Games are an intrinsic aspect of human life. Children start to play games as young as two years old. Every culture has its games. Online gaming is a huge aspect of internet activity. It could be said that the human being is made for gaming.
"And what game is more complicated than life?" asks Casey Cromwell in an article titled "Chess: A Metaphor for Life".
I see life itself as the great game, albeit played unconsciously. It's the game of survival in the world. Everyone has their game, or games, but few people are aware of the game they are playing. It is usually not obvious to the player that it is one game because we have many minor games, or sub-games, that contribute to the main game.
Indeed, few would refer to their life as a game. We often see our lives as a series of challenges and obstacles. We do not consider it a game when we consider the outcome to be non-optional. The possibility of failure is abhorrent to us, yet failure is the inevitable outcome of every relative life. We all die.
Most games serve to shield us from this fact. They keep us distracted from the big question of death.
But there are those who cannot turn their heads away from the big question and they become embroiled in what I'll refer to as the game of spiritual seeking.
"The only reason a game is fun is because it causes you to engage yourself in it. Whether this be poker, Scrabble or a video game, games are only fun when they challenge you. Remove all the challenges in a game and it becomes a pointless activity." writes Scott H. Young in his article "Life as a Game".
In the game of life we become absorbed in challenges such as improving our circumstances, outdoing the competition, controlling some thing or person or situation, creating or generating some different situation, or work of art, and so on. There are as many variations on the game as there are individuals. The lesser games can and do change over the course of a lifetime, but the main game stays the same. We each have our own variation, our preferred games. All these various efforts or games have the underlying aim of enhancing us in some way, guaranteeing our individuality, prolonging our stay or name on earth, but by being lost in these lesser games we forget about or avoid facing the bigger challenge—the question of what or who we really are.
What can be more engrossing than the search for Self?
A number of philosophers have looked at the phenomenon of gaming as a human activity and come up with various definitions of it.
French sociologist Roger Caillois in his book Les jeux et les hommes (Men, Play and Games), defined a game as an activity that must have the following characteristics:
Let's take a look at each of these criteria from the perspective of of the bigger picture.
Fun
We find ourselves in life. I'm not getting into the discussion of whether on not we "chose" it as is the assumption behind the notion of reincarnation. But I do think that this life, this dream, is about experience and enjoyment rather than evolution. Looking around me I see folks who regardless of circumstances seem to be having much more fun than others who seem to have all the worldly riches at their disposal.

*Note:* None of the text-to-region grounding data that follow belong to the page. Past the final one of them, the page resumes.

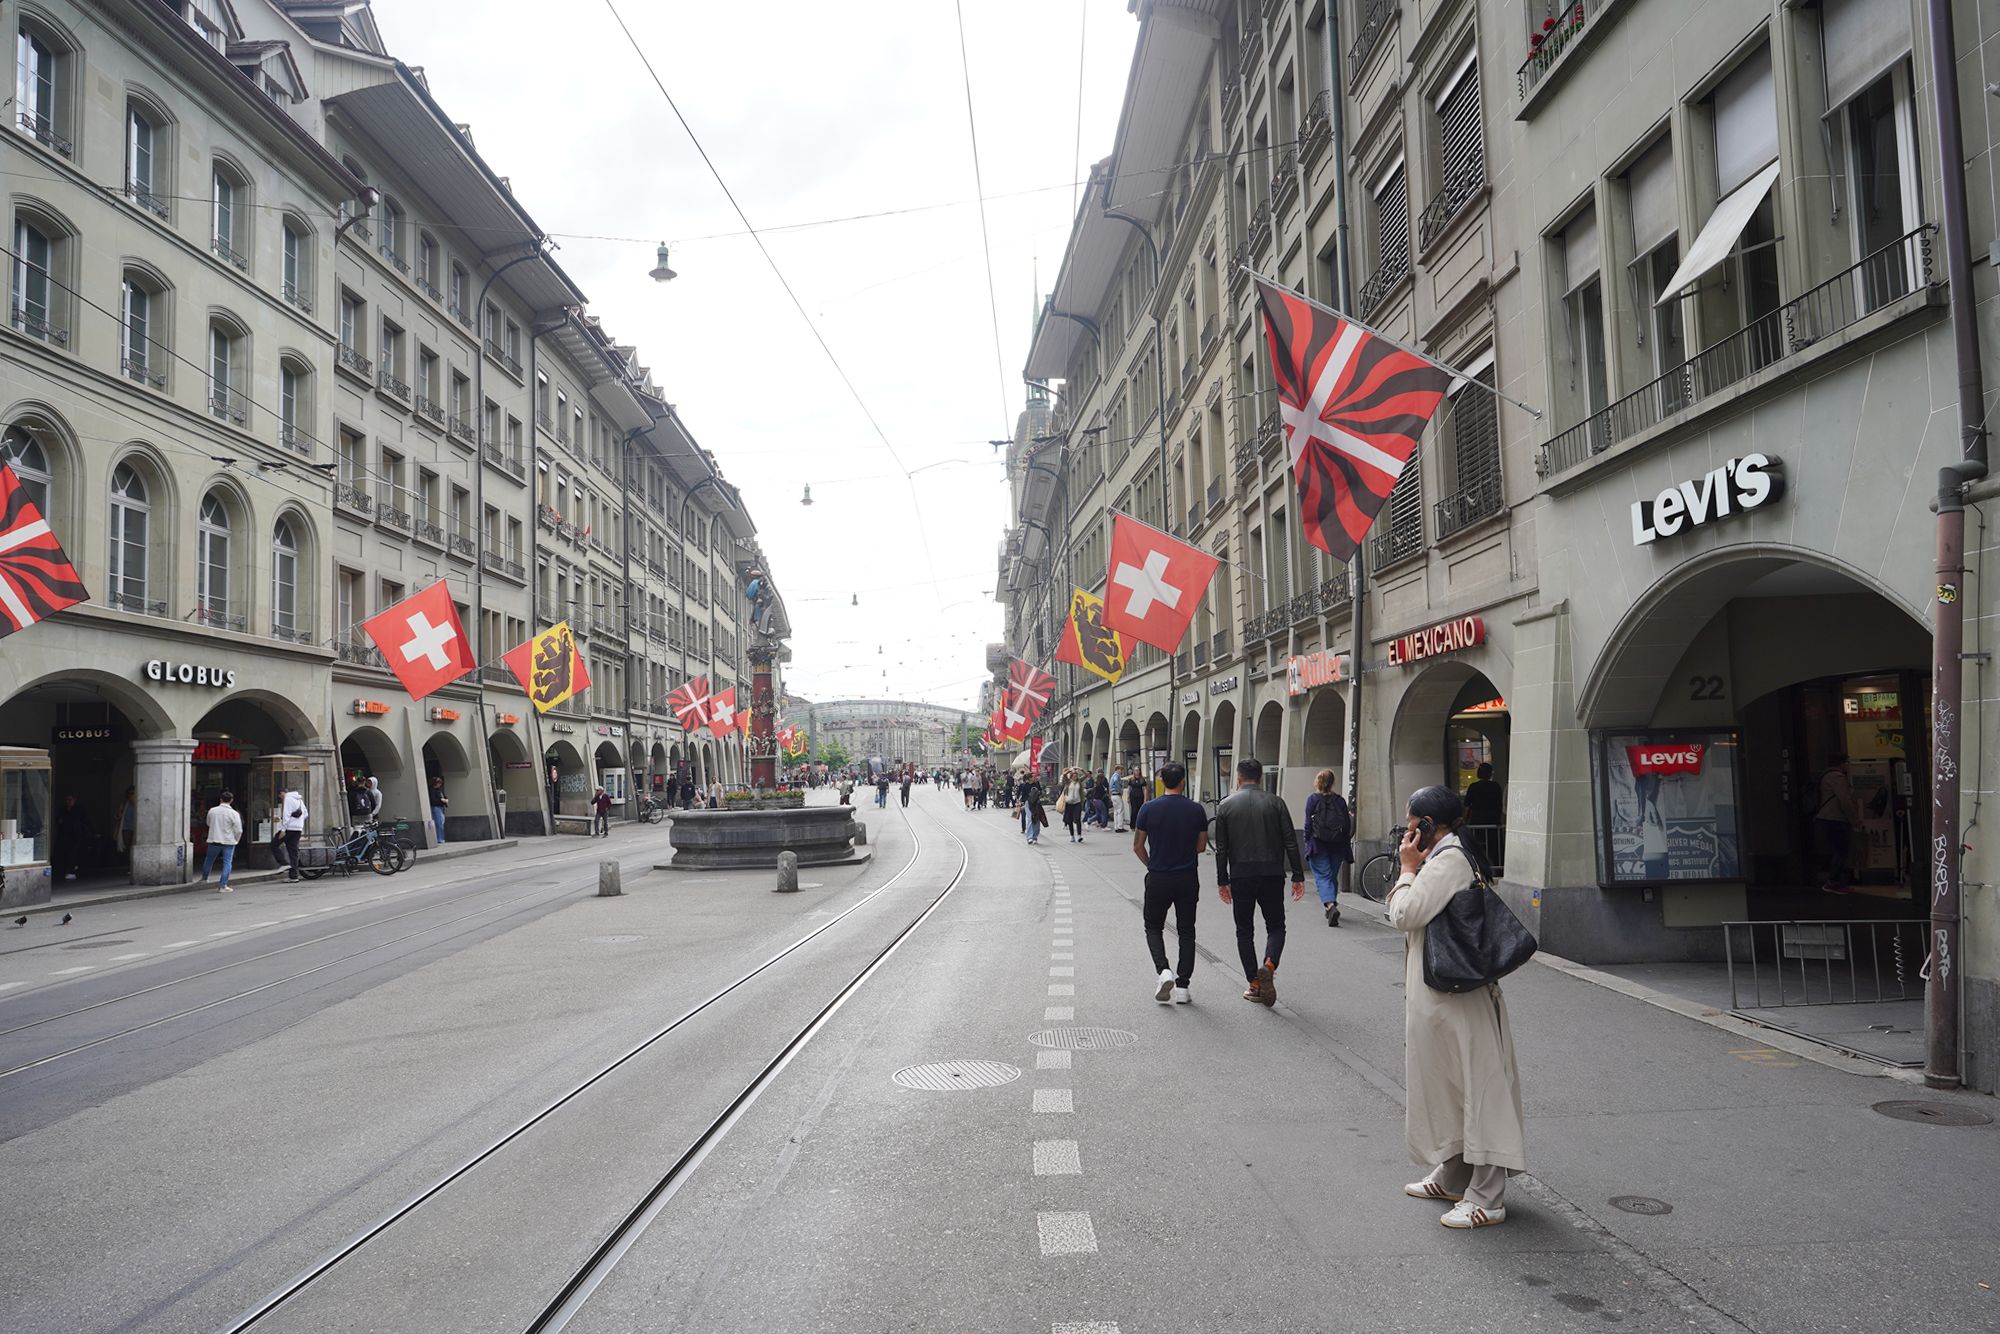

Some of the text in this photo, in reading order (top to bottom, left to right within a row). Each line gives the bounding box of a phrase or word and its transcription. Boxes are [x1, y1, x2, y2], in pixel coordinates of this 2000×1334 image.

[1388, 616, 1476, 666] EL MEXICANO
[145, 659, 236, 689] GLOBUS
[1300, 651, 1342, 689] Müller
[1689, 675, 1726, 701] 22
[58, 729, 112, 740] GLOBUS
[1690, 839, 1714, 853] MEDAL
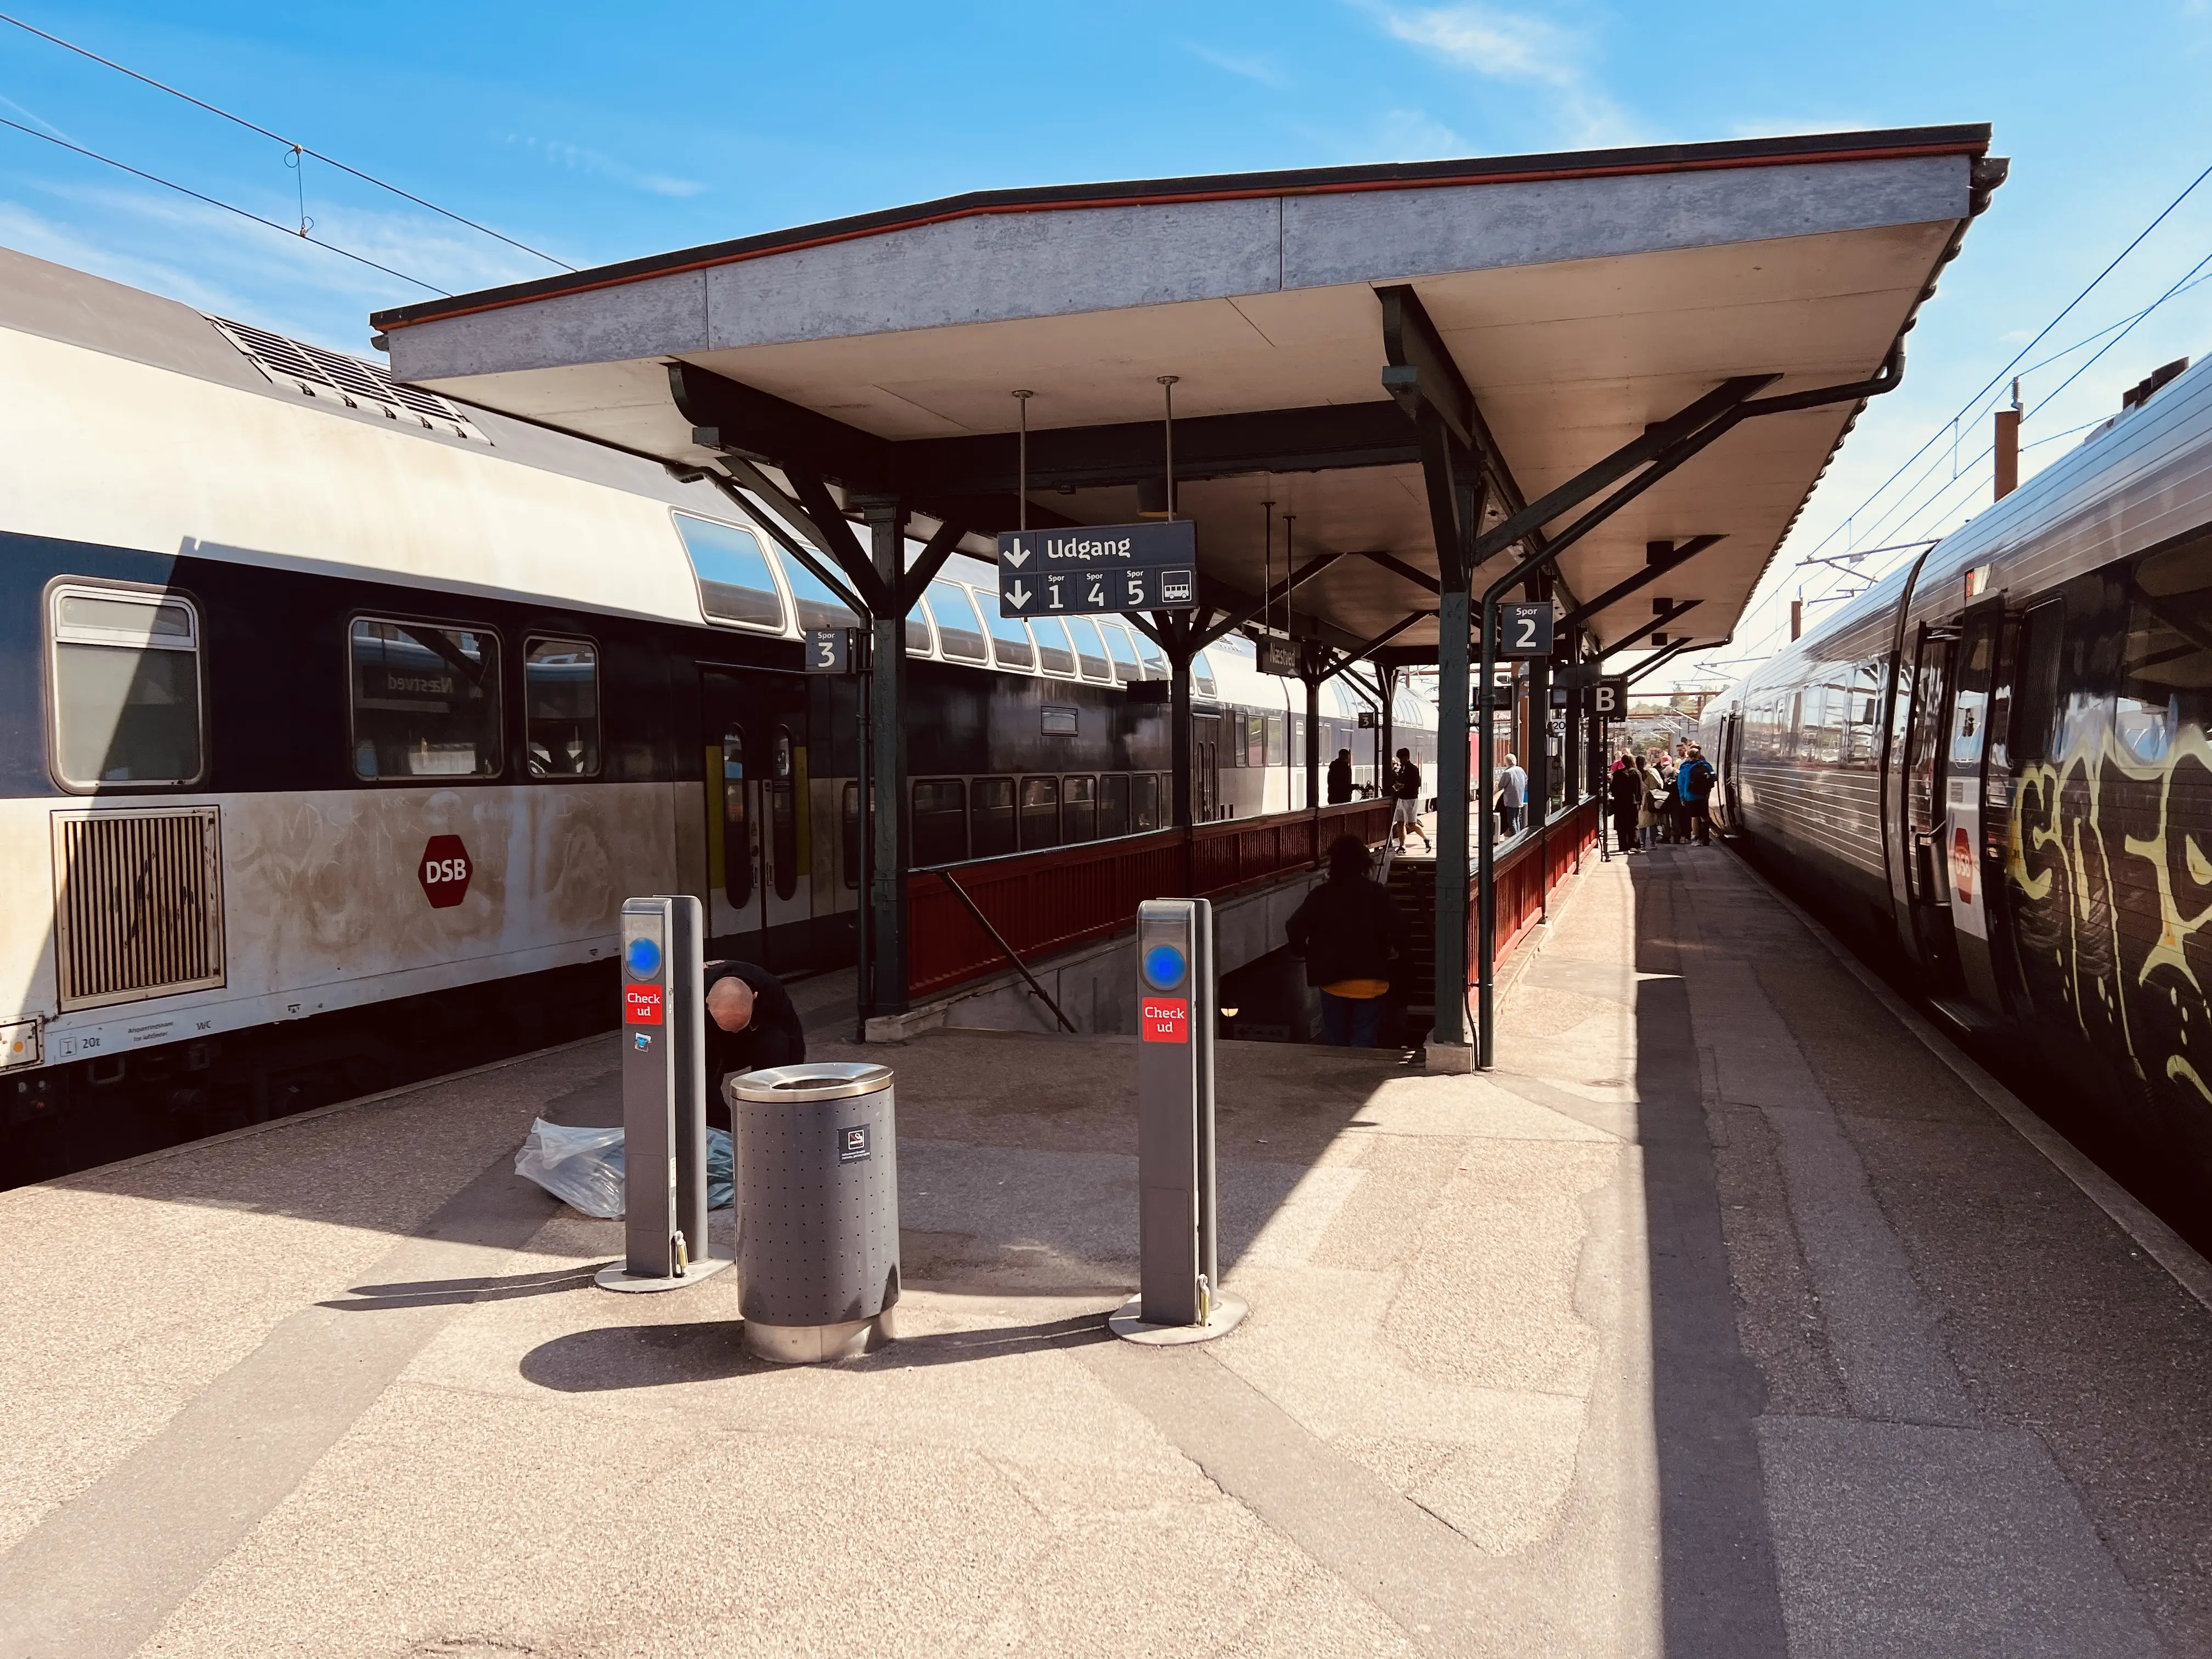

Fun is a question of attitude. Fun is also about feeling that what you are doing has some value. It's about being light hearted as opposed to heavy handed. If we feel the need to force the outcome, it is no longer fun. Fun has been replaced by control. Fear of not achieving the desired outcome takes the fun out of the activity. Fun has an element of spontaneity to it. In Christian terminology this can be interpreted as the relationship between "my will" and "Thy Will". When "my will" tries to dominate "Thy Will" it's no fun but when we have a sense of them working together, there is more spontaneity and freedom.
Ask yourself what's not fun in your life. And why?
Separate
Each individual life is circumscribed by the time and place into which one is born. The particular family, the particular place in the family, the particular culture, the particular era, all the particulars that add up to making each of us a separate individual. The influences of these particulars are what Buddhists refer to as our conditioning. We are alone in our big game of life. A saying that has been attributed to many different famous folk goes: "We are born alone, we live alone, we die alone." To take this aspect of our life seriously, to really accept the fact of our aloneness, is difficult for many, but it a necessary step in taking full responsibility for your own life. Taking full responsibility opens us up to the prospect of reaching full fruition in our individual life.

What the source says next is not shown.